You may have heard recently that Nissan has stopped taking orders for the GT-R, the two-ton supercar that was spun off from the Skyline. After over 17 years, Nissan is calling it a day for this two-ton coupe, but Nissan faithful don’t need to worry—another GT-R will be coming.
Just not yet.

The current GT-R was introduced at the end of 2007 as a 2009 model, with Americans getting its first taste of the GT-R in the summer of 2008. At the beginning, the GT-R started out with 473 horsepower and is capping its tenure at 592 horses, though there were two special-editions with more horsepower targeted to millionaires (GT-R50) or track days (NISMO Track Package). Despite being long in the tooth, the GT-R is still a spectacular supercar, somewhat how the Subaru was to Lamborghini in The Cannonball Run—clever tech over exotic.
Certainly, the world of performance cars is different today than in 2009, and GT-R sales are no longer robust. After a high of 3,158 for the initial North America debut, production settled to around 1,500 per model year until 2018, when the number cratered to 458 and has been under 300 units for the past several years.
You would think Nissan would already have a successor in place, but that’s simply not what has happened. Admittedly, Nissan isn’t in the best shape at the moment, which is a circumstance that American enthusiasts know all too well (note the shelf life of the C3 Corvette, for example).

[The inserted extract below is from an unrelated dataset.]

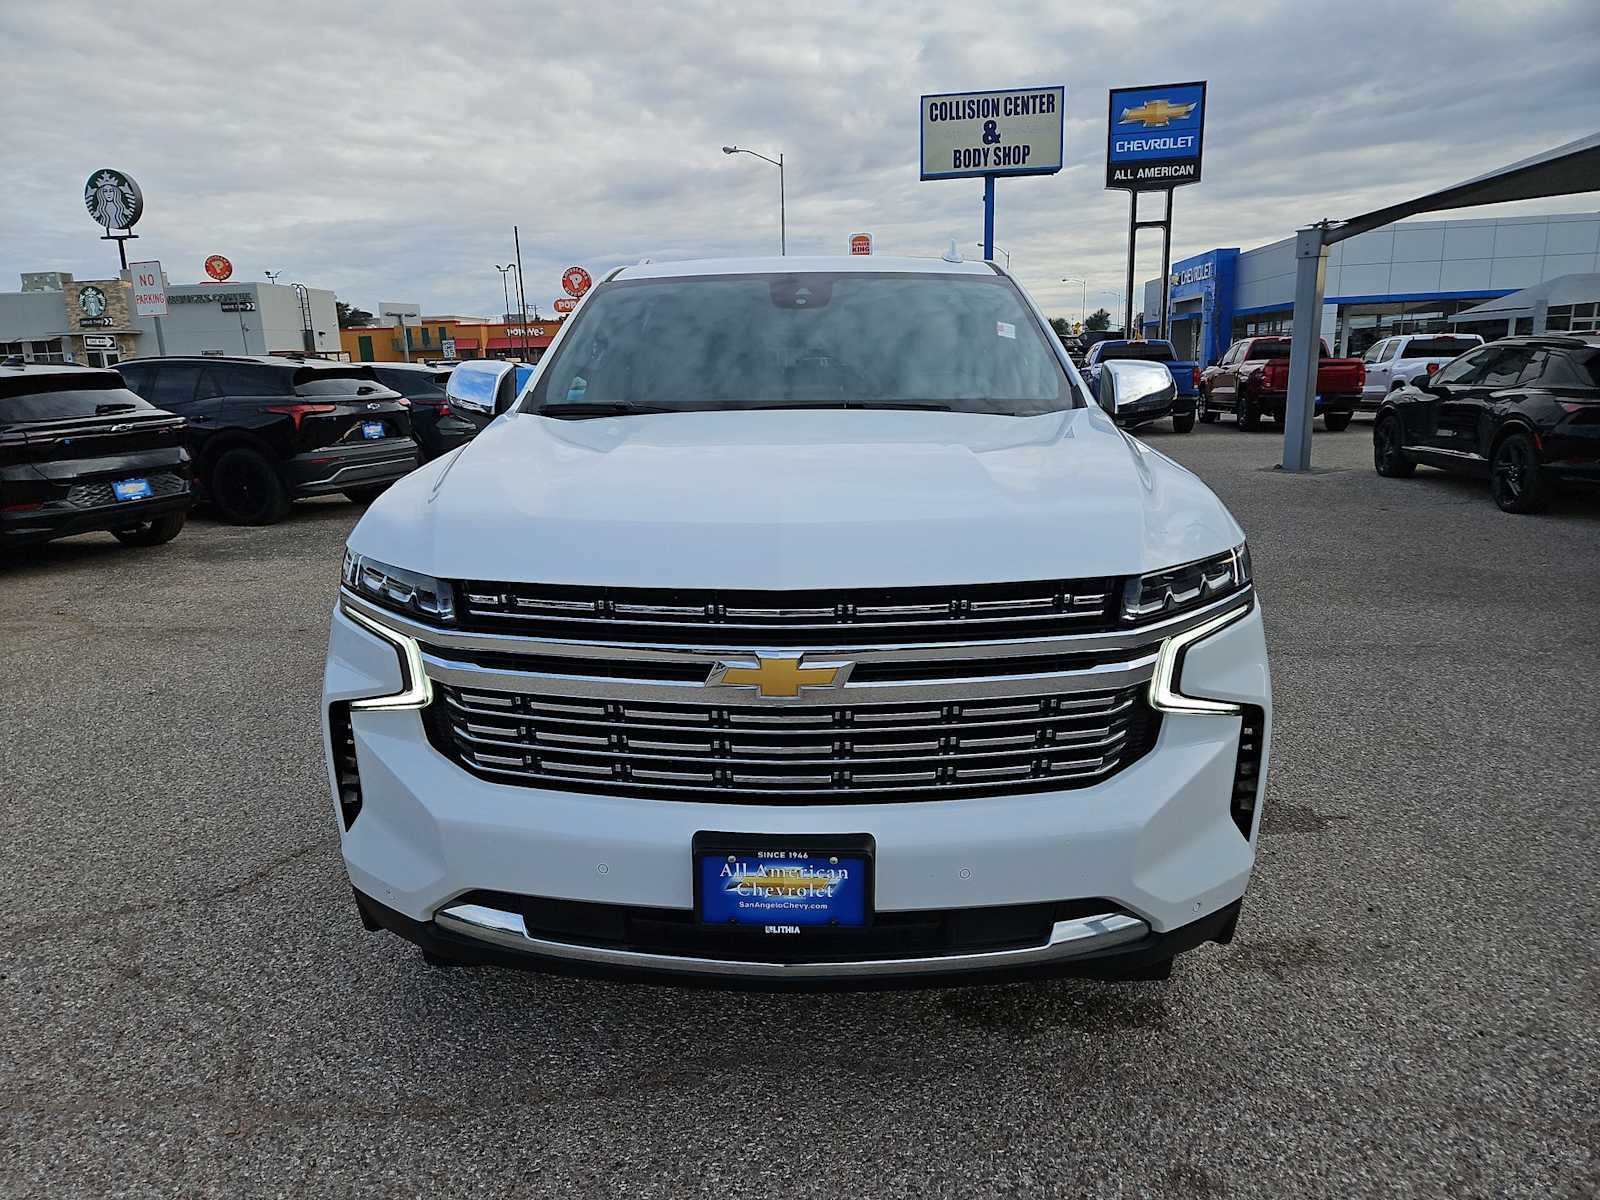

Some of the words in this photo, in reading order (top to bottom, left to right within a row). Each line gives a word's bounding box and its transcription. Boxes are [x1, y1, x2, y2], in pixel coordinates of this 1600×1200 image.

According to Car and Driver, the next GT-R is still three to five years into the future and, like most future-leaning cars, it is expected to use a hybrid powertrain. Will it be a conventional hybrid or of the plug-in (PHEV) variety? That has yet to be determined, but a conventional hybrid would give the next-gen GT-R the faculty to handle Nürburgring—another reason Nissan abandoned the GT-R EV after several prototypes. The ICE part of the equation should include an improved-yet-familiar turbo-six.
Despite the failure of the Nissan/Honda merger, there’s also word that the new GT-R will be part of a joint effort between the two companies, which means that a next-gen NSX may be on the horizon. Honda tends to march to the beat of its own drummer so, if true, variations between the two may be chin-scratcher.